Numerous techniques have been developed to determine dielectric, including radio frequency, microwave,
and time domain reflectometry. In order to measure the relative dielectric of a material it is necessary to
electrically couple the material to the sensing circuit. This may be done by placing the material between two
parallel electrodes, but this does not lend itself readily to online application. If the sensing circuit operates at
radio frequency, it is fairly simple to propagate RF energy through the material and thus couple to the product
without physical contact. Planar fringe field electrodes provide a single-sided measurement structure less
obstructive to the process.
The electrical analogy of a solid product is a capacitor in parallel with a leakage conductance. These
components are both influenced by moisture, but whereas dielectric is related in a very predictable manner,
the loss factor is not. The combined components represent a complex impedance which can be easily
measured, but which may be influenced by variables other than just moisture.

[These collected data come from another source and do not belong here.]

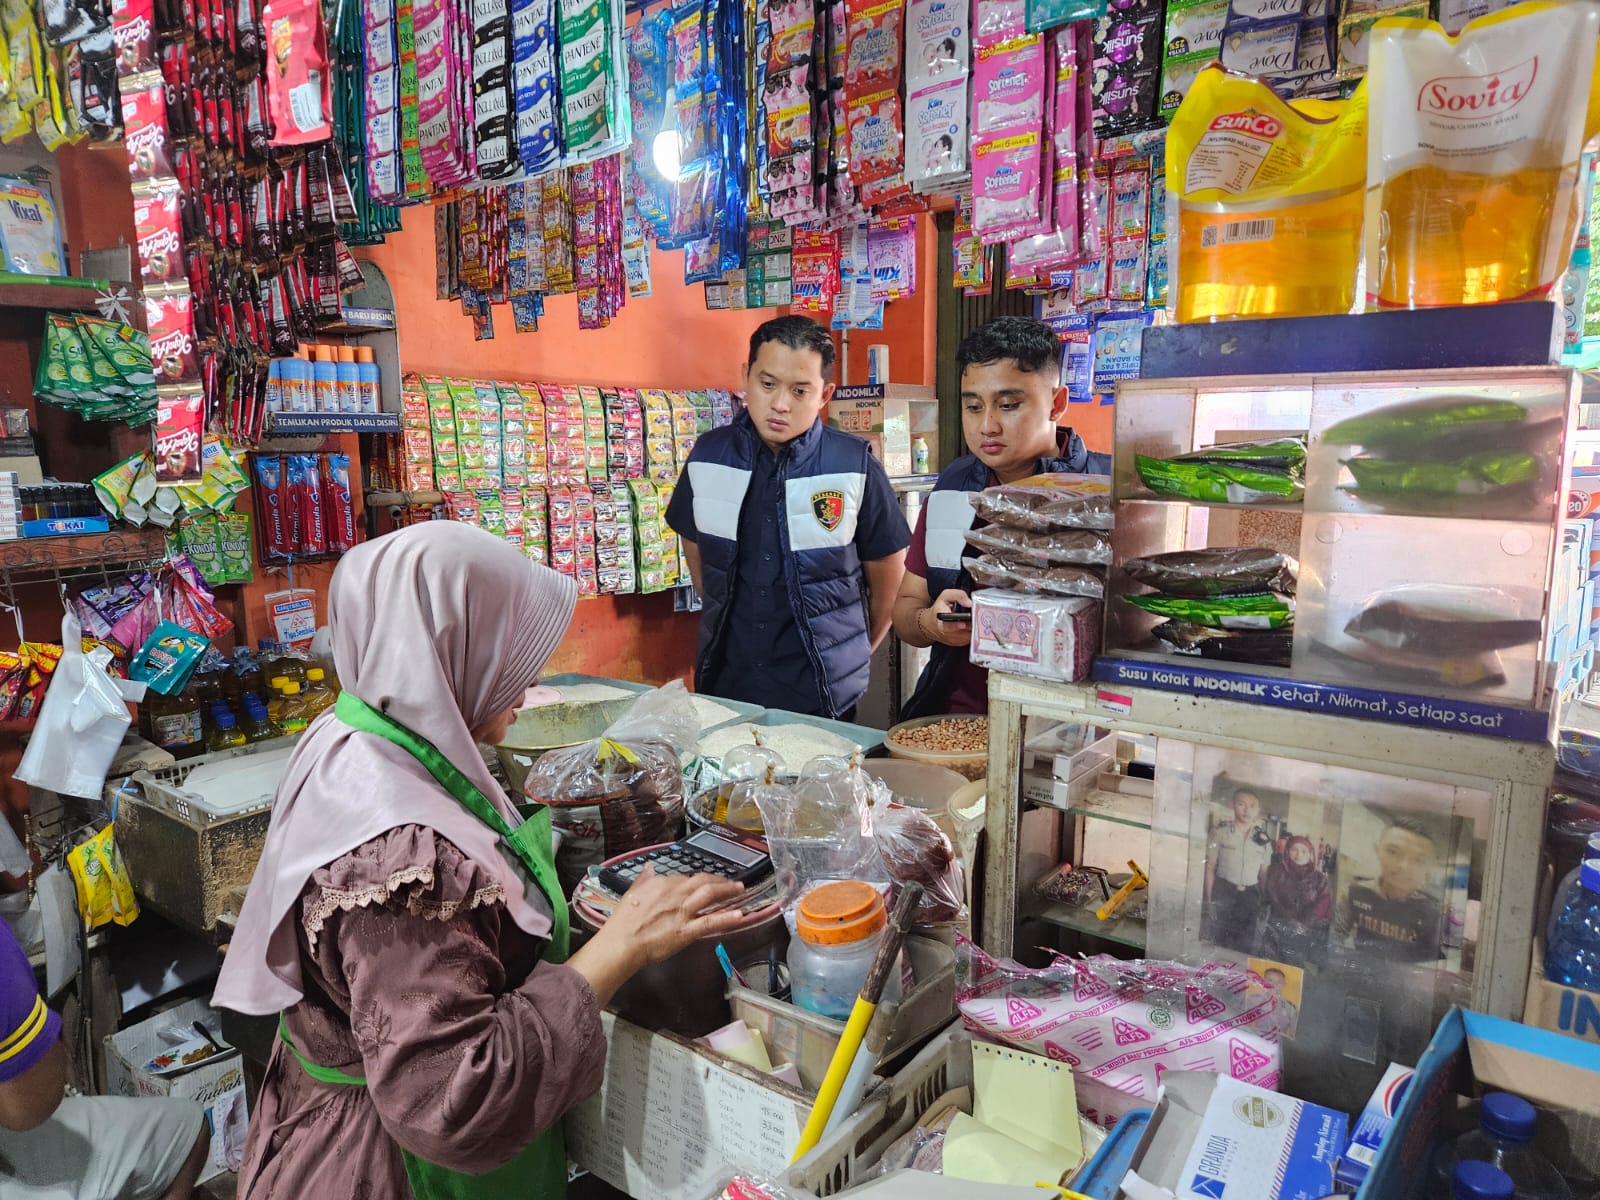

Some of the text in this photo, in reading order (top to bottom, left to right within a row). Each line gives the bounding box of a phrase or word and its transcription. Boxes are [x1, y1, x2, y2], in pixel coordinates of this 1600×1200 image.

[564, 35, 602, 65] PANTENE
[1102, 32, 1144, 54] sunsilk
[1169, 39, 1185, 50] 25%
[1249, 52, 1292, 69] Dove
[567, 88, 603, 116] PANTENE
[1099, 85, 1140, 105] sunsilk
[1164, 94, 1180, 104] 25%
[1428, 76, 1525, 112] Sovia
[984, 171, 1024, 190] Softener
[1118, 190, 1141, 202] Klin
[8, 199, 43, 222] Vixal
[769, 233, 786, 244] ZINC
[1115, 256, 1138, 269] Klin
[873, 265, 901, 281] Klin
[795, 283, 822, 297] Klin
[349, 311, 370, 320] BARU
[836, 387, 880, 398] INDOMILK
[855, 401, 882, 409] INDOMILK
[278, 418, 399, 427] TEMUKAN PRODUK BARU DISINI
[272, 508, 284, 545] Formula
[312, 506, 323, 543] Formula
[344, 505, 354, 541] Formula
[1118, 667, 1504, 727] Susu Kotak INDOMILK Sehat, Nikmat, Setiap saat
[1079, 982, 1107, 999] ALFA
[1012, 1008, 1039, 1026] ALFA
[1191, 1003, 1220, 1021] ALFA
[1119, 1032, 1146, 1045] ALFA
[1234, 1056, 1265, 1076] ALFA
[1311, 1114, 1332, 1163] Amplop Airmail
[1198, 1134, 1231, 1176] GRANDIA

15. True dielectric moisture instruments are rare, since most of the low cost instruments make no
attempt to separate the dielectric and loss components. The lowest cost instruments make little or
no attempt to even measure the combined impedance with any long-term stability and
repeatability. The Sensortech Systems Dielectric Measurement Technique is refined to the extent
where the two components are completely isolated and can be measured independently. The
patented resonant frequency principle improves accuracy and repeatability.

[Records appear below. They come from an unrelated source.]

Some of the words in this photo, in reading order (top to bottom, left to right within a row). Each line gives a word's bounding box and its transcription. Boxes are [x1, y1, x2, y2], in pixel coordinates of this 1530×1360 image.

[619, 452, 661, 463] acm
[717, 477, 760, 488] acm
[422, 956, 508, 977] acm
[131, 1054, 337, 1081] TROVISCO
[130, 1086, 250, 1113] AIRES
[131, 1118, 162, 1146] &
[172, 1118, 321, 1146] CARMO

● It is a penetrating measurement and can be measure non-homogeneous products.
● It has a large measurement area that provides a more representative, bulk average
moisture for the product.
● It is relatively inexpensive compared to other online techniques.
● It is very reliable and robust, with no moving parts to wear or break down.
● The various mechanical sensor designs suit a wide range of process conditions and can
be used in high temperature environments.
16. The IR technic
The near infrared reflectance, NIR or IR, technique is a widely used technology for online moisture testing. Its
popularity is due in large part to the ease with which it can be applied.
A light source (typically quartz halogen bulb) is collimated and filtered into specific wavelengths. The filters,
mounted in a rotating wheel, chop the light into a series of pulses of specific wavelength. The filtered beam is
directed onto the surface of the product to be measured. A portion of the light is reflected back to a detector
(usually lead sulfide). Specific wavelengths of light are absorbed by water. If the filters are chosen such that
one wavelength will be absorbed by water (sample beam) and one wavelength will be unaffected by water
(reference beam), then the amplitude ratio of the two reflected wavelengths will be proportionate to the amount
of water in the product. The ratio technique eliminates effects of product distance and source aging.
● Ease of application. Typically mounted 6 to 10 inches above product. Moderate product height
variations have little influence on measurement.
● Small spot measurement area in conjunction with scanning frame provides product profile.
● Specific wavelengths may be chosen to measure variables other than moisture.
17. Neutron Moisture meter
A Neutron moisture meter is a moisture meter utilizing neutron scattering. The meters are most
frequently used to measure the water content in soil or rock. The technique is non-destructive, and is
sensitive to moisture in the bulk of the target material, not just at the surface.
Water, due to its hydrogen content, is an effective neutron moderator, slowing high-energy neutrons.
With a source of high-energy neutrons and a detector sensitive to low-energy neutrons , the detection rate
will be governed by the water content of the soil between the source and the detector. The neutron source
typically contains a small amount of a radionuclide. Sources may emit neutrons during spontaneous
fission, as with californium alternatively, an alpha emitter may be mixed with a light element for a nuclear
reaction yielding excess neutrons, as with americium in a beryllium matrix.